Порой и знания (это на уровне логического мышления) являются причиной поступков, поэтому признанный в народе и в православной иерархии за святого отец Сергий после столь очевидного падения почувствовал нужду, которую счёл очередной потребностью в очередном покаянии — ведь это рекомендуется во всех монастырских наставлениях, — и на логическом уровне определил себе поведение, по народно-монашеским представлениям сопровождающее покаяние. Отец Сергий сбросил гордую монашескую рясу, одел давно приготовленное крестьянское платье и потихоньку ушёл из скита. Лёжа в поле, переодетый угодник пытался делать то, что прежде считал молитвой, но не мог: как выразил его состояние духа Толстой-художник, Бога не было. Потом отец Сергий заснул, и приснился ему сон — как он впоследствии определил себе — от Бога (которого, как вы помните, не было): пришёл Ангел и «прорёк» пойти учиться у Пашеньки.

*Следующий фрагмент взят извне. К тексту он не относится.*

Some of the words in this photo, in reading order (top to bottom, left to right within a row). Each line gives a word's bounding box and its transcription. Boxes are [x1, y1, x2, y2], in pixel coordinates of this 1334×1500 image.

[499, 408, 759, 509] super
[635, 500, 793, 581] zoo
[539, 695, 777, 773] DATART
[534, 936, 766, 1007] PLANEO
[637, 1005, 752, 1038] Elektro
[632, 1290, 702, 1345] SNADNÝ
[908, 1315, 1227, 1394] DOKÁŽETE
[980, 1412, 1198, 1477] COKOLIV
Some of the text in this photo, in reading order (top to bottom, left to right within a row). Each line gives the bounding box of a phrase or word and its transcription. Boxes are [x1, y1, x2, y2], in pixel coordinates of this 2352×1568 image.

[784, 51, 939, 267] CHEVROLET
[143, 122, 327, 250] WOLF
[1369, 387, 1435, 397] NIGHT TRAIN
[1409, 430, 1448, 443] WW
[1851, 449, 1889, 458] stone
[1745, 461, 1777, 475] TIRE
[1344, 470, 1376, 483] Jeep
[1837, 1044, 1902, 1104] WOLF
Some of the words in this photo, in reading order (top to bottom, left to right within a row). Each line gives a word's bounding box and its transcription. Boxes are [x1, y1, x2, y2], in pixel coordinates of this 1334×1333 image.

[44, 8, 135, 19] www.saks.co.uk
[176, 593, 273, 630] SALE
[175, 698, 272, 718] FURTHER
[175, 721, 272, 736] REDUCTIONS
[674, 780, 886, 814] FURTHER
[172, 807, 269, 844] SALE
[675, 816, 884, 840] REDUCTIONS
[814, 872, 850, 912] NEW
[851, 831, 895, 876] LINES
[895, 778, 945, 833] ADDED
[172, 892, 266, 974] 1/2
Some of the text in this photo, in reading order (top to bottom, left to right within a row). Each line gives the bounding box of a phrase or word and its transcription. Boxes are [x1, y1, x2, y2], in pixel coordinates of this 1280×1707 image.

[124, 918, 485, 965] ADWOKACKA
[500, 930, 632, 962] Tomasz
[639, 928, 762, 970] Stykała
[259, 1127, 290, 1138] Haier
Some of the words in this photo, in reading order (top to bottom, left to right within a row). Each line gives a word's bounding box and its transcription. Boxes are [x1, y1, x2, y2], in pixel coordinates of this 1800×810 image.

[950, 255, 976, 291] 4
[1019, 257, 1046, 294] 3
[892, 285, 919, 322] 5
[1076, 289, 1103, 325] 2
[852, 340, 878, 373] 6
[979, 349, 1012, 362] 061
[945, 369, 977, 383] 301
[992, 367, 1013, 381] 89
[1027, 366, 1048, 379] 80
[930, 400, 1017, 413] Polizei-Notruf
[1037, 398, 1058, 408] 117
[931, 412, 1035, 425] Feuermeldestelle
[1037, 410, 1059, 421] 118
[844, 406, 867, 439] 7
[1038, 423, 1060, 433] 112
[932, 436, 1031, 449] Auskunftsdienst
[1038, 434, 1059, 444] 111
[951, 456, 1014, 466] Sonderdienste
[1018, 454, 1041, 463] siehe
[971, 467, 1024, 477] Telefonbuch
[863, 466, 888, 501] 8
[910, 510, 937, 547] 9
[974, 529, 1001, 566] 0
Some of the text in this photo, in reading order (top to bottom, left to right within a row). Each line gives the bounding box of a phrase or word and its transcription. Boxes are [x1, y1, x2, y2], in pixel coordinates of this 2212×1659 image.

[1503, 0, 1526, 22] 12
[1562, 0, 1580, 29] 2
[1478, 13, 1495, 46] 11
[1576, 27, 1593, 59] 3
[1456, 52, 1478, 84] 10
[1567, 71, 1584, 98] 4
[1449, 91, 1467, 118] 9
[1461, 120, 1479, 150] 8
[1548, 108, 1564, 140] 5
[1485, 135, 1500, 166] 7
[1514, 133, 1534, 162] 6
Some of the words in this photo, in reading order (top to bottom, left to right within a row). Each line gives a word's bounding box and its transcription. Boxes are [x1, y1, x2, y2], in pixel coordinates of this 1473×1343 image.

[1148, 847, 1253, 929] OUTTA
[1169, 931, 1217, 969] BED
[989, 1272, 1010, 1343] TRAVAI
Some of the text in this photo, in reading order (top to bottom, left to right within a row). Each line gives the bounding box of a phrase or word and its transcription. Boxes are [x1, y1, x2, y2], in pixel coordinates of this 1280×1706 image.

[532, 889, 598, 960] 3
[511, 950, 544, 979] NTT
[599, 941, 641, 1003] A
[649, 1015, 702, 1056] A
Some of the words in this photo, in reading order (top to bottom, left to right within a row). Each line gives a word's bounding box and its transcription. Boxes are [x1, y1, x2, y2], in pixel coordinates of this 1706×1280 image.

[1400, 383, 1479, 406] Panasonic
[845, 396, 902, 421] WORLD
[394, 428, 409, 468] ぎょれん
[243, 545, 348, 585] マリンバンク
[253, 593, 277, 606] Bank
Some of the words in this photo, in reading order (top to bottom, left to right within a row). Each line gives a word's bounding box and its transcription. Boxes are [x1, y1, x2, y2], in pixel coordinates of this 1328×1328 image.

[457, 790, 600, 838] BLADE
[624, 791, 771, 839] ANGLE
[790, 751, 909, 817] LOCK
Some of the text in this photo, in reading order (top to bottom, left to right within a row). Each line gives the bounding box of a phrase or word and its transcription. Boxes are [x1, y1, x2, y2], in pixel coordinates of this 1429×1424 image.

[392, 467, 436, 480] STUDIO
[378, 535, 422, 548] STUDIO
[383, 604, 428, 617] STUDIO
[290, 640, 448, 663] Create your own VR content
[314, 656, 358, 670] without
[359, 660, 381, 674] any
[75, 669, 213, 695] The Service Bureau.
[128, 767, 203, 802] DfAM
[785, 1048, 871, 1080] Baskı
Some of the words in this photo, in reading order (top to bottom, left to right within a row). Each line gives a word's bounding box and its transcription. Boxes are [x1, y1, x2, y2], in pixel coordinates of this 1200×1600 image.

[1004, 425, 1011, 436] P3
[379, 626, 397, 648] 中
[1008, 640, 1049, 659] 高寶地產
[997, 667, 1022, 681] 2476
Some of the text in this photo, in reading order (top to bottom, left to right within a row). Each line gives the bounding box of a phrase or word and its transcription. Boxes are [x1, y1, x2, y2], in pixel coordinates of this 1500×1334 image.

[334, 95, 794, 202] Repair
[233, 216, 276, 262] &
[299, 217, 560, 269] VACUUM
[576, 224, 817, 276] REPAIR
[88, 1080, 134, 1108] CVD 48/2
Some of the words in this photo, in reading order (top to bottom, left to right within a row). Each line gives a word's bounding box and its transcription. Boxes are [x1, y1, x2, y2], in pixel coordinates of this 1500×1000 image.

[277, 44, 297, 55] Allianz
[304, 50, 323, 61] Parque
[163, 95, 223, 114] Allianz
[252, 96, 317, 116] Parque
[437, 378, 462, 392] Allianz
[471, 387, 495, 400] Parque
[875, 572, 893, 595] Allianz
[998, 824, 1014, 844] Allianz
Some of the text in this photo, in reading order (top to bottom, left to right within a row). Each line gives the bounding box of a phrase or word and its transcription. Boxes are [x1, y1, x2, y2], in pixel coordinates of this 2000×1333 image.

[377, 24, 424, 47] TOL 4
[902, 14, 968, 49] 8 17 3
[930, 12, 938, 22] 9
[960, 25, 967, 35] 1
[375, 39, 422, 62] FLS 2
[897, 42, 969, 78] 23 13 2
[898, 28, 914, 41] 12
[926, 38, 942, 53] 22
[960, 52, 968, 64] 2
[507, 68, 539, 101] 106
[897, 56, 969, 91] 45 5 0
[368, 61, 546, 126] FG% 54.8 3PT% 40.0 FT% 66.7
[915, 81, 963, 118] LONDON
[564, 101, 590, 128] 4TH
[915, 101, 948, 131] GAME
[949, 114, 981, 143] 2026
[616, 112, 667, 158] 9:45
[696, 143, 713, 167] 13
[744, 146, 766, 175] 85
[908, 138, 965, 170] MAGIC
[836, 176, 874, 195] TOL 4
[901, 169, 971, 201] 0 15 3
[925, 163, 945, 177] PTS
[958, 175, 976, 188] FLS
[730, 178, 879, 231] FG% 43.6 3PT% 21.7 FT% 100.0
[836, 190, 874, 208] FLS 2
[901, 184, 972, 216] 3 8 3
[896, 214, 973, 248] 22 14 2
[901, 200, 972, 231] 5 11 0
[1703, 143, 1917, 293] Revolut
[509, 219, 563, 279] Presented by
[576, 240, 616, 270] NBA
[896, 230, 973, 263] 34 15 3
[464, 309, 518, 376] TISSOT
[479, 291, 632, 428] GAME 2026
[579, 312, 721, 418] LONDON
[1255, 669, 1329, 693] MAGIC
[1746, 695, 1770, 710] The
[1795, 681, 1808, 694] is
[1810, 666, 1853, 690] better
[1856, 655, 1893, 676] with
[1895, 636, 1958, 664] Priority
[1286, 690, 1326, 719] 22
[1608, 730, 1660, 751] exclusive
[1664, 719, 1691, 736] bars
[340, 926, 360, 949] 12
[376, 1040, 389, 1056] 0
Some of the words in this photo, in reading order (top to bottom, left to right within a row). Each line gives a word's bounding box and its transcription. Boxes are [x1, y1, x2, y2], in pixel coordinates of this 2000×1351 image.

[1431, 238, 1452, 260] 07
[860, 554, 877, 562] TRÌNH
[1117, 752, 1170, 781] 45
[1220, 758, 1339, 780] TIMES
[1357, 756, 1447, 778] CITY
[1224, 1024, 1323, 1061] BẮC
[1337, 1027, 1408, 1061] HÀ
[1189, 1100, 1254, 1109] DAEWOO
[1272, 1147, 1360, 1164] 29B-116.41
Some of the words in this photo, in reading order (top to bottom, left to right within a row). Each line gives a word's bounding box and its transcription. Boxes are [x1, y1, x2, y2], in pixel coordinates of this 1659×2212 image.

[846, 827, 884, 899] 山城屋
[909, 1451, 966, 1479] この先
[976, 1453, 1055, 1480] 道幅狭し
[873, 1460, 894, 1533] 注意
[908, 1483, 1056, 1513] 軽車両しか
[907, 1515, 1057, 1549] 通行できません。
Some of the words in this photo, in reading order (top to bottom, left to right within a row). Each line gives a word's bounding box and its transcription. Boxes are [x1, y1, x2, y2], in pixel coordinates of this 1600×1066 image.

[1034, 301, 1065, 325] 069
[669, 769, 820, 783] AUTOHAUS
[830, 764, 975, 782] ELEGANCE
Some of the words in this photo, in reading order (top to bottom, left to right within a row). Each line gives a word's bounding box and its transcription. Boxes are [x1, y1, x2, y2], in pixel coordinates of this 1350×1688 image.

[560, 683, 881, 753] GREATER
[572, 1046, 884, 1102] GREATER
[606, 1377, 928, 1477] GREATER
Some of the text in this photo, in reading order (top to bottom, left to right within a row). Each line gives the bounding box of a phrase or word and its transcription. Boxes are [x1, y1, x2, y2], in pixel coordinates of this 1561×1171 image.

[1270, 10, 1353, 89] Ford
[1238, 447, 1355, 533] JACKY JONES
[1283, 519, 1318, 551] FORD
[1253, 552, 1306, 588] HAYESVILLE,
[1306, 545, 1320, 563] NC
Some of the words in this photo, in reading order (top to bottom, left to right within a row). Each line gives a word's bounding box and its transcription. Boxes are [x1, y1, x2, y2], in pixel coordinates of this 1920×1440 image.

Пашенька была знакомая детства отца Сергия, девочка, которая была жалкой уже тогда. Когда Пашенька подросла, она со свойственной женщинам определённого рода разборчивостью подобрала себе такого мужа, который не только пропил её приданое, но и всё, что заработал прежде, и оставил без средств к существованию не только её саму, но и детей. Пашенька стала ещё более жалкой. Дочь Пашеньки выбрала себе точно такого же мужа, как её отец, или он стал таким же, как её отец, в атмосфере, которую создавали в доме мать с дочерью, то есть он тоже спился и даже дошёл до того, что, как монах-отшельник, с людьми вместе не мог даже есть. Кормила их всех жалкая Пашенька, которая зарабатывала, как и положено жалкой, — некрофилической специальностью: учительствовала. Ничего странного в этом нет, более того, вполне закономерно и следует из определяющего жизнь садомазохистов принципа маятника: военный на службе вершит судьбами подчинённых, но дома, перед женой, или перед начальством мордобоец трансформируется в совершенное ничтожество; врач, поклявшийся спасать людей, оказывается на скамье подсудимых за многочисленные изнасилования и расчленения жертв; протестантский служка дома сквернословит — на работе же изъясняется на чрезмерно стерильном языке; признанный в народе и в церкви угодник на поверку оказывается гомосексуалистом или педофилом; а жалкая Пашенька, вокруг которой всё гибнет, занимается учительством.

Отец Сергий Пашеньку разыскал, и та его «научила» — он стал бродягой. (Заметьте: не работать пошёл, не стал душой наслаждаться за каким-нибудь созидательным делом, ведь созидательной души человек легко обучается всякому ремеслу, — а стал бродягой!) Как следует из текста «Отца Сергия», не только Стива Касатский, но и Толстой-проповедник счёл сию закономерную смену вывесок за преобразующее глубинное покаяние и, несомненно, весьма удивился бы, обнаружив в списке излюбленных некрофилами профессий кроме императора, военного, целителя, учителя, монаха, трупорезчика ещё и бродягу.